Exercise objective:
Please set down every entry again exactly as it stands, without the pictures.
##### Information
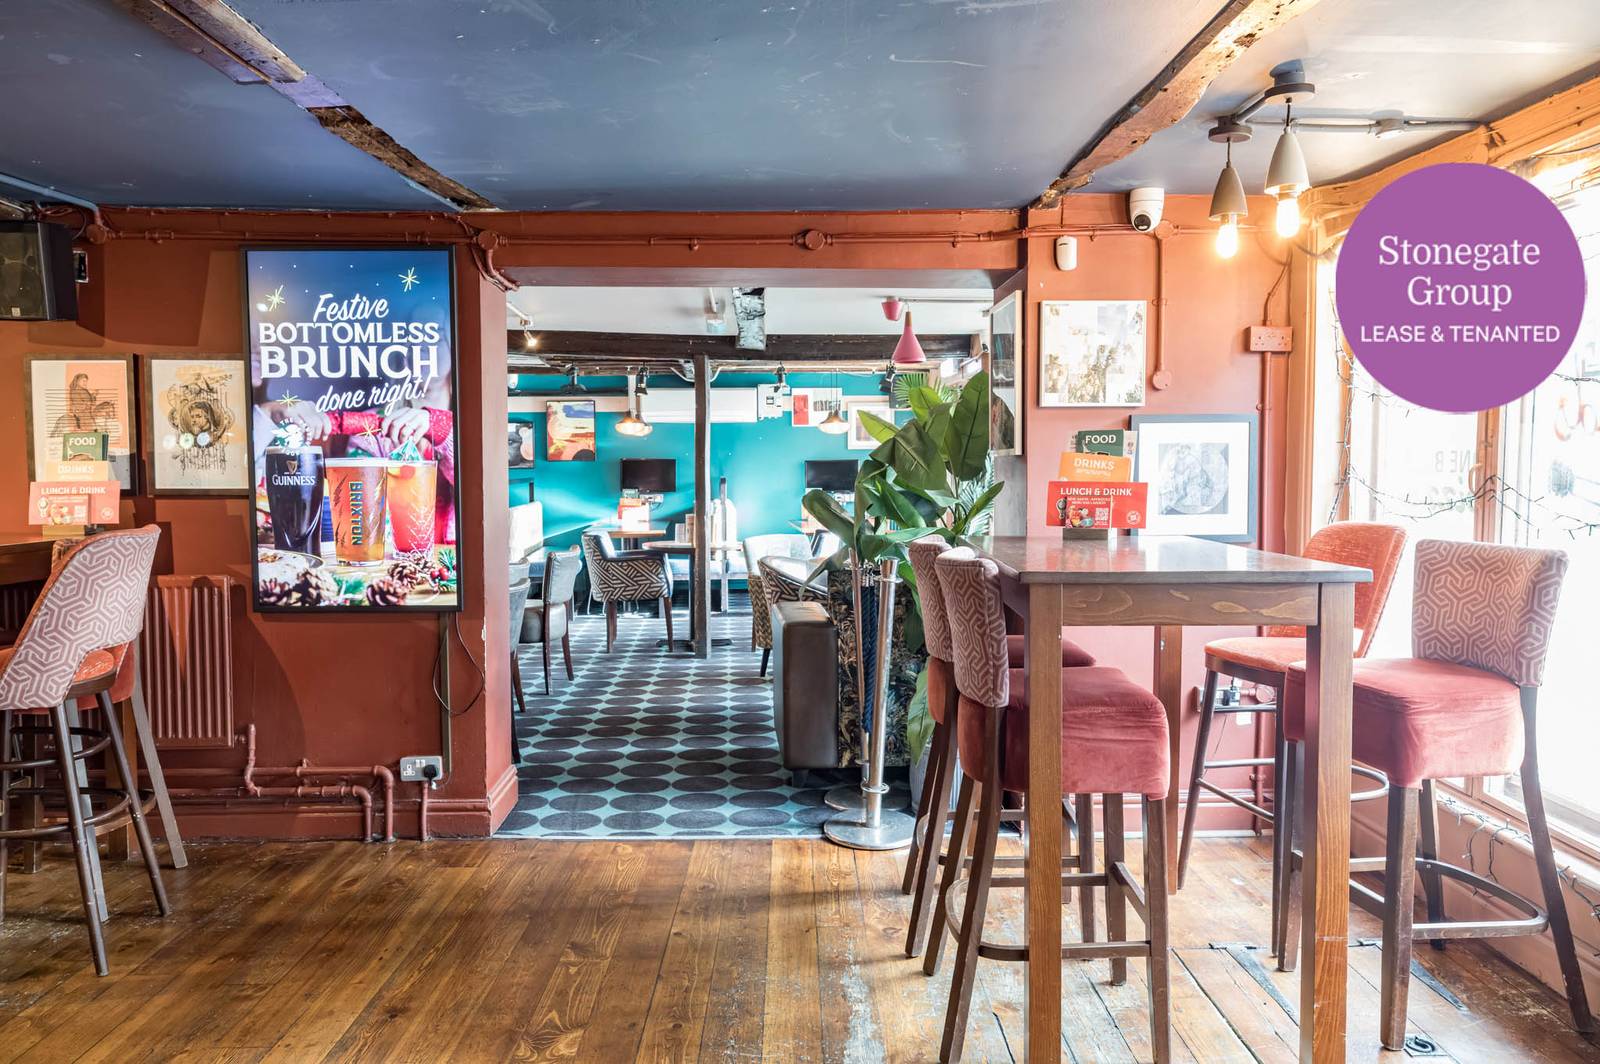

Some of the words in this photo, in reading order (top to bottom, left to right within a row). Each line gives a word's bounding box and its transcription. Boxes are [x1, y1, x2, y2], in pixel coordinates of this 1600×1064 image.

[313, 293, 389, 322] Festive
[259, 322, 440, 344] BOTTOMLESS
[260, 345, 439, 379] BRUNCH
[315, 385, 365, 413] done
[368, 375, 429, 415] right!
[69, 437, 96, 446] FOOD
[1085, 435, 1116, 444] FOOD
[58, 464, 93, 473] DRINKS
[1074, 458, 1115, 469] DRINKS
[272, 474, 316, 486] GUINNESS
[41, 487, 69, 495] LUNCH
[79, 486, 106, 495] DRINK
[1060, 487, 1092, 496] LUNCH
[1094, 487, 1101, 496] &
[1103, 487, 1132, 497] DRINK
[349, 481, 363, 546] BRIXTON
##########
Task answer:
Some of the words in this photo, in reading order (top to bottom, left to right within a row). Each line gives a word's bounding box and its transcription. Boxes are [x1, y1, x2, y2], in pixel coordinates of this 1600×1064 image.

[313, 293, 389, 322] Festive
[259, 322, 440, 344] BOTTOMLESS
[260, 345, 439, 379] BRUNCH
[315, 385, 365, 413] done
[368, 375, 429, 415] right!
[69, 437, 96, 446] FOOD
[1085, 435, 1116, 444] FOOD
[58, 464, 93, 473] DRINKS
[1074, 458, 1115, 469] DRINKS
[272, 474, 316, 486] GUINNESS
[41, 487, 69, 495] LUNCH
[79, 486, 106, 495] DRINK
[1060, 487, 1092, 496] LUNCH
[1094, 487, 1101, 496] &
[1103, 487, 1132, 497] DRINK
[349, 481, 363, 546] BRIXTON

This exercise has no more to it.